Task goal:
Each line below needs to be restated word for word.

Material shown:
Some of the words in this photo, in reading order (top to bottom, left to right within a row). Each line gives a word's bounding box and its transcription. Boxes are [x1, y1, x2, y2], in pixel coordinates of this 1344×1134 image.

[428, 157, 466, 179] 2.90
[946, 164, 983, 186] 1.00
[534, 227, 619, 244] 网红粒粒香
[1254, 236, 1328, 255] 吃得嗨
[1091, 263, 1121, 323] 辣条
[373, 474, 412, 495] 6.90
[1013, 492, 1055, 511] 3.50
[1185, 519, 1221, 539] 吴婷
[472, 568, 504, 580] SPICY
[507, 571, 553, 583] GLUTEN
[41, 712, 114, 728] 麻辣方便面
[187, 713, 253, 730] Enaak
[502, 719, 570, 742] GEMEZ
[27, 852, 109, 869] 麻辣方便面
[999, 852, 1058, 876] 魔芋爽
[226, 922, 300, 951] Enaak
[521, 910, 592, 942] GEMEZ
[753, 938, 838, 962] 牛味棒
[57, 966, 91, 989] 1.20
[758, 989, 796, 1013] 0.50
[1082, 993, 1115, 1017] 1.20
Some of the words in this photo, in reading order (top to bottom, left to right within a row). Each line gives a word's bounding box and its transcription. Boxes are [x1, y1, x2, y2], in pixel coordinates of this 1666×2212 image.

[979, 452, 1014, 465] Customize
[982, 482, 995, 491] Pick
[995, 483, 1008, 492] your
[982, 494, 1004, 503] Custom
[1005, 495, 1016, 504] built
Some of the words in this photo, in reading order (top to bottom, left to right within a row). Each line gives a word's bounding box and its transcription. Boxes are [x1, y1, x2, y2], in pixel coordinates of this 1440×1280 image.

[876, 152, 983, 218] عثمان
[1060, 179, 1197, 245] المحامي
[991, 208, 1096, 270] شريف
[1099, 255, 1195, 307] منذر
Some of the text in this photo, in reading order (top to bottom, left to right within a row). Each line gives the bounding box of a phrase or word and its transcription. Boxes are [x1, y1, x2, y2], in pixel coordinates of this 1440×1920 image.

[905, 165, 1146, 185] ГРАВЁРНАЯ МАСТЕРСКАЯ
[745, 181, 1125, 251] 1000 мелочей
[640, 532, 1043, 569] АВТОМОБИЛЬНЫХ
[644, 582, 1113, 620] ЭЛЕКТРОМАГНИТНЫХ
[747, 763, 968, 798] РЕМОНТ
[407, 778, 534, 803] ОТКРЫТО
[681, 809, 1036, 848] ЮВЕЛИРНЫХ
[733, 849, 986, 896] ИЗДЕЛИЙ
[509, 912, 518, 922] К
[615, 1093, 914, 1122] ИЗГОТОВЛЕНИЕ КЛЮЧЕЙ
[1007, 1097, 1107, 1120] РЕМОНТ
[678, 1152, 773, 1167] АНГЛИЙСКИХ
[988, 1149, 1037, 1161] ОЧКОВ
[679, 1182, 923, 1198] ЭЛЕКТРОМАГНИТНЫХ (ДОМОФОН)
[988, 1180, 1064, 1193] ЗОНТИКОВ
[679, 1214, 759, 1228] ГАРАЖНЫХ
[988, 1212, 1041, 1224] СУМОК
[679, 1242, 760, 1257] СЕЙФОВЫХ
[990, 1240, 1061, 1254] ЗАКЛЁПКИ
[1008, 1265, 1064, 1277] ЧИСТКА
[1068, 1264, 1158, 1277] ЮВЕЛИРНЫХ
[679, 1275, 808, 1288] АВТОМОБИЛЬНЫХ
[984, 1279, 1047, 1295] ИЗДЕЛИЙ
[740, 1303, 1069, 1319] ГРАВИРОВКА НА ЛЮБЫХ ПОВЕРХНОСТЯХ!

Answer for the task:
Some of the words in this photo, in reading order (top to bottom, left to right within a row). Each line gives a word's bounding box and its transcription. Boxes are [x1, y1, x2, y2], in pixel coordinates of this 1344×1134 image.

[428, 157, 466, 179] 2.90
[946, 164, 983, 186] 1.00
[534, 227, 619, 244] 网红粒粒香
[1254, 236, 1328, 255] 吃得嗨
[1091, 263, 1121, 323] 辣条
[373, 474, 412, 495] 6.90
[1013, 492, 1055, 511] 3.50
[1185, 519, 1221, 539] 吴婷
[472, 568, 504, 580] SPICY
[507, 571, 553, 583] GLUTEN
[41, 712, 114, 728] 麻辣方便面
[187, 713, 253, 730] Enaak
[502, 719, 570, 742] GEMEZ
[27, 852, 109, 869] 麻辣方便面
[999, 852, 1058, 876] 魔芋爽
[226, 922, 300, 951] Enaak
[521, 910, 592, 942] GEMEZ
[753, 938, 838, 962] 牛味棒
[57, 966, 91, 989] 1.20
[758, 989, 796, 1013] 0.50
[1082, 993, 1115, 1017] 1.20
Some of the words in this photo, in reading order (top to bottom, left to right within a row). Each line gives a word's bounding box and its transcription. Boxes are [x1, y1, x2, y2], in pixel coordinates of this 1666×2212 image.

[979, 452, 1014, 465] Customize
[982, 482, 995, 491] Pick
[995, 483, 1008, 492] your
[982, 494, 1004, 503] Custom
[1005, 495, 1016, 504] built
Some of the words in this photo, in reading order (top to bottom, left to right within a row). Each line gives a word's bounding box and its transcription. Boxes are [x1, y1, x2, y2], in pixel coordinates of this 1440×1280 image.

[876, 152, 983, 218] عثمان
[1060, 179, 1197, 245] المحامي
[991, 208, 1096, 270] شريف
[1099, 255, 1195, 307] منذر
Some of the text in this photo, in reading order (top to bottom, left to right within a row). Each line gives the bounding box of a phrase or word and its transcription. Boxes are [x1, y1, x2, y2], in pixel coordinates of this 1440×1920 image.

[905, 165, 1146, 185] ГРАВЁРНАЯ МАСТЕРСКАЯ
[745, 181, 1125, 251] 1000 мелочей
[640, 532, 1043, 569] АВТОМОБИЛЬНЫХ
[644, 582, 1113, 620] ЭЛЕКТРОМАГНИТНЫХ
[747, 763, 968, 798] РЕМОНТ
[407, 778, 534, 803] ОТКРЫТО
[681, 809, 1036, 848] ЮВЕЛИРНЫХ
[733, 849, 986, 896] ИЗДЕЛИЙ
[509, 912, 518, 922] К
[615, 1093, 914, 1122] ИЗГОТОВЛЕНИЕ КЛЮЧЕЙ
[1007, 1097, 1107, 1120] РЕМОНТ
[678, 1152, 773, 1167] АНГЛИЙСКИХ
[988, 1149, 1037, 1161] ОЧКОВ
[679, 1182, 923, 1198] ЭЛЕКТРОМАГНИТНЫХ (ДОМОФОН)
[988, 1180, 1064, 1193] ЗОНТИКОВ
[679, 1214, 759, 1228] ГАРАЖНЫХ
[988, 1212, 1041, 1224] СУМОК
[679, 1242, 760, 1257] СЕЙФОВЫХ
[990, 1240, 1061, 1254] ЗАКЛЁПКИ
[1008, 1265, 1064, 1277] ЧИСТКА
[1068, 1264, 1158, 1277] ЮВЕЛИРНЫХ
[679, 1275, 808, 1288] АВТОМОБИЛЬНЫХ
[984, 1279, 1047, 1295] ИЗДЕЛИЙ
[740, 1303, 1069, 1319] ГРАВИРОВКА НА ЛЮБЫХ ПОВЕРХНОСТЯХ!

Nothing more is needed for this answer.